• Exercise description
Keep the pictures out of your copy. Transcribe the records below exactly.

• The records
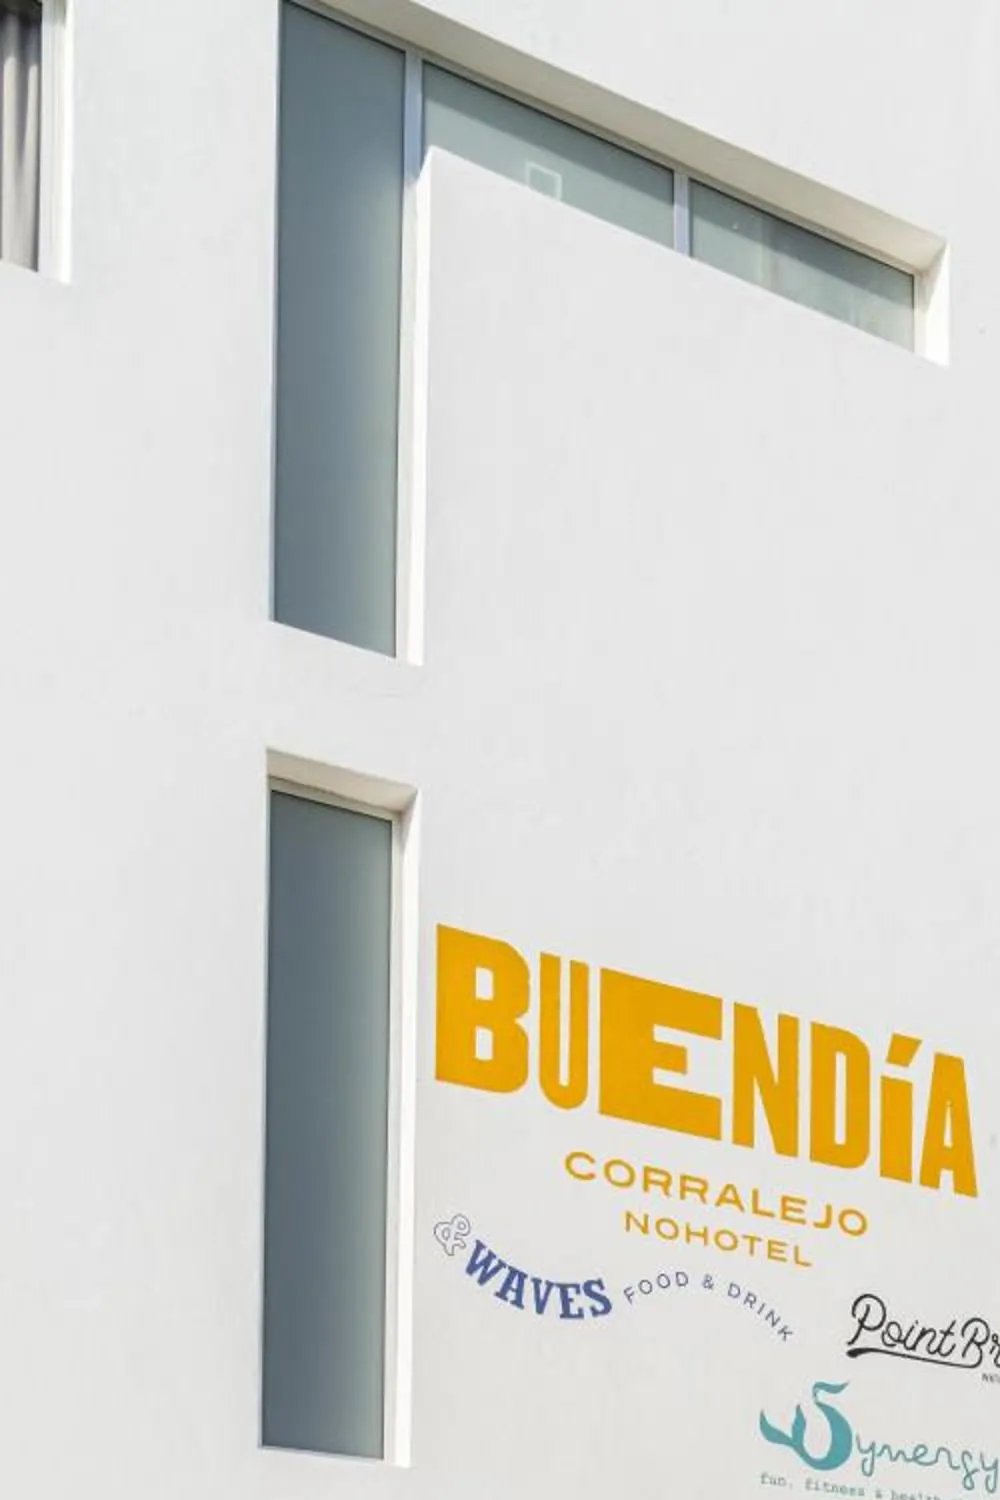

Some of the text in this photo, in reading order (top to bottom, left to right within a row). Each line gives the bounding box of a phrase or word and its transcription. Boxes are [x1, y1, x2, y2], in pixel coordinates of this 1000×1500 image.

[564, 1151, 869, 1237] CORRALEJO
[624, 1211, 813, 1268] NOHOTEL
[465, 1239, 613, 1320] WAVES
[623, 1271, 689, 1304] FOOD
[701, 1273, 715, 1290] &
[727, 1282, 793, 1342] DRINK
[759, 1379, 999, 1494] Synergy
[804, 1477, 866, 1498] fitness
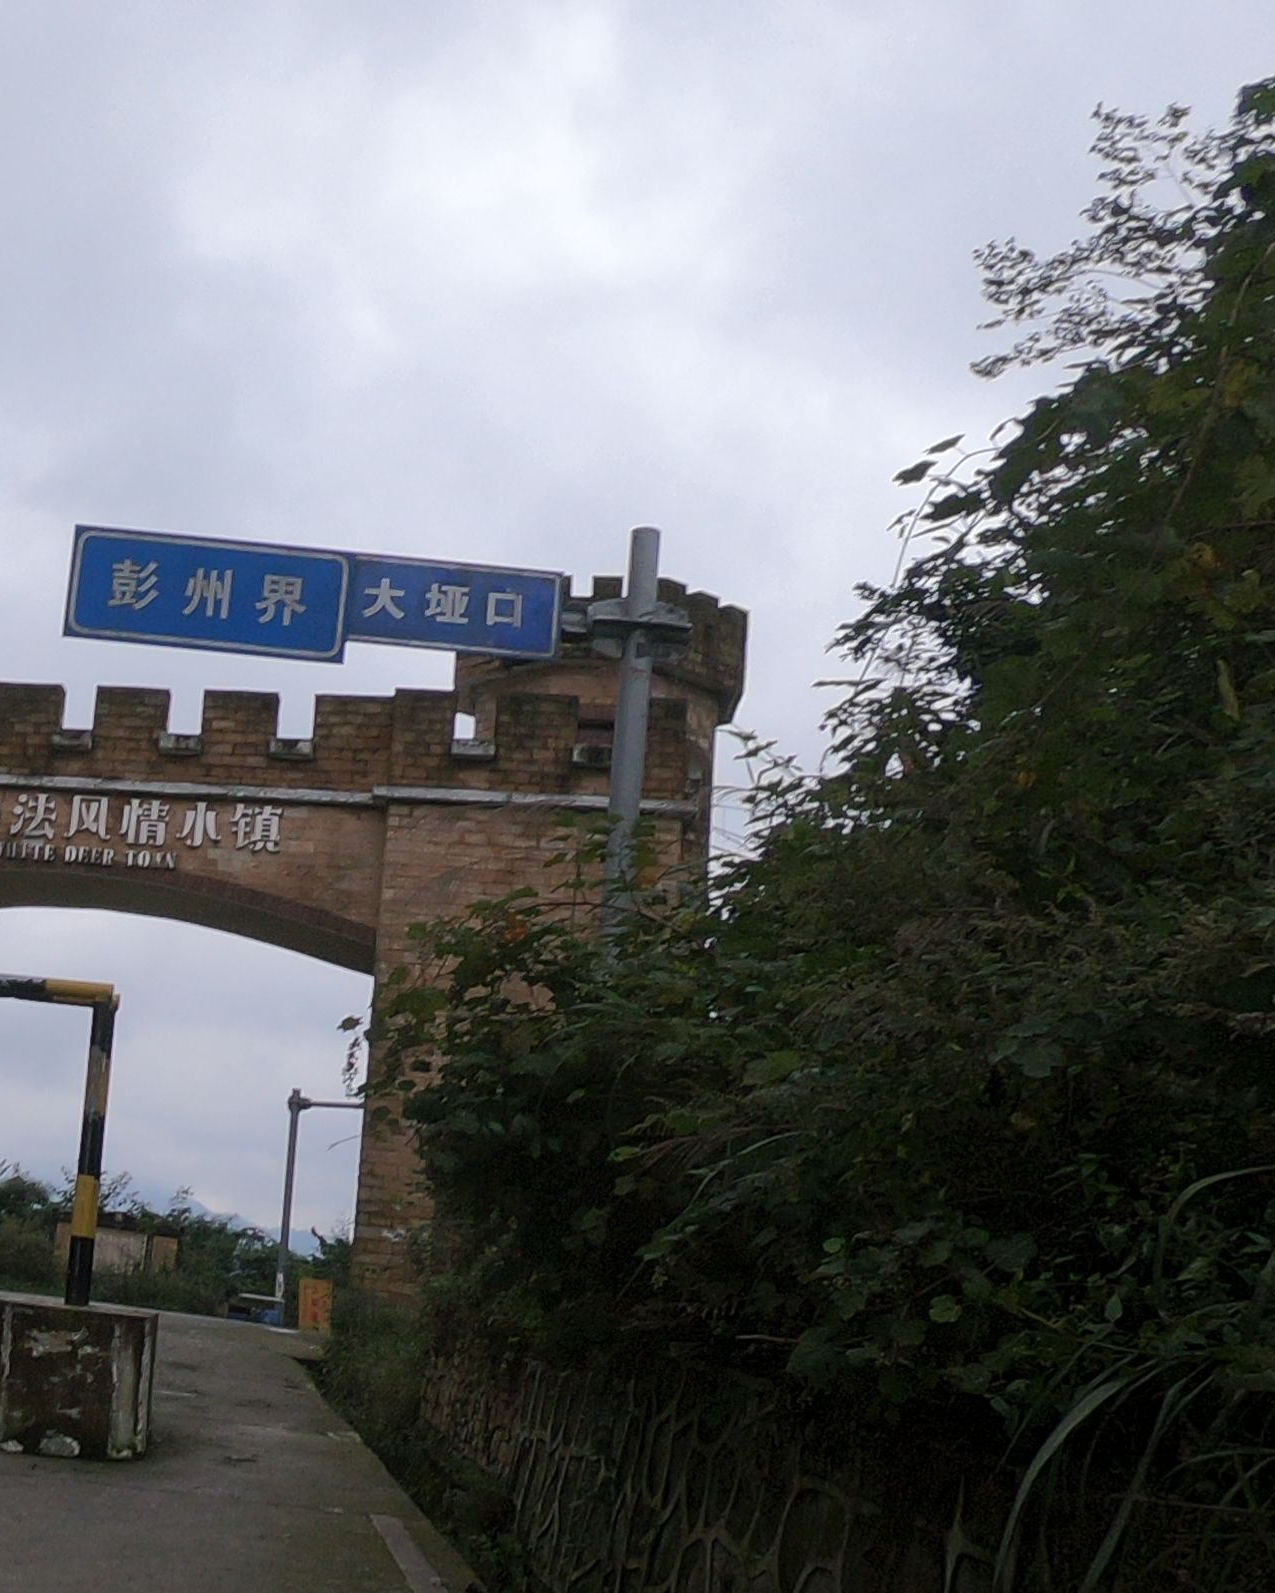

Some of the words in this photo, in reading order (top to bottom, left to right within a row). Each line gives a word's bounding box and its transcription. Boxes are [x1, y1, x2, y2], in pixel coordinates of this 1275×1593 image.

[107, 560, 307, 626] 彭州界
[362, 578, 524, 628] 大垭口
[64, 845, 116, 867] DEER

• Output below
Some of the text in this photo, in reading order (top to bottom, left to right within a row). Each line gives the bounding box of a phrase or word and its transcription. Boxes are [x1, y1, x2, y2], in pixel coordinates of this 1000×1500 image.

[564, 1151, 869, 1237] CORRALEJO
[624, 1211, 813, 1268] NOHOTEL
[465, 1239, 613, 1320] WAVES
[623, 1271, 689, 1304] FOOD
[701, 1273, 715, 1290] &
[727, 1282, 793, 1342] DRINK
[759, 1379, 999, 1494] Synergy
[804, 1477, 866, 1498] fitness

Some of the words in this photo, in reading order (top to bottom, left to right within a row). Each line gives a word's bounding box and its transcription. Boxes are [x1, y1, x2, y2], in pixel coordinates of this 1275×1593 image.

[107, 560, 307, 626] 彭州界
[362, 578, 524, 628] 大垭口
[64, 845, 116, 867] DEER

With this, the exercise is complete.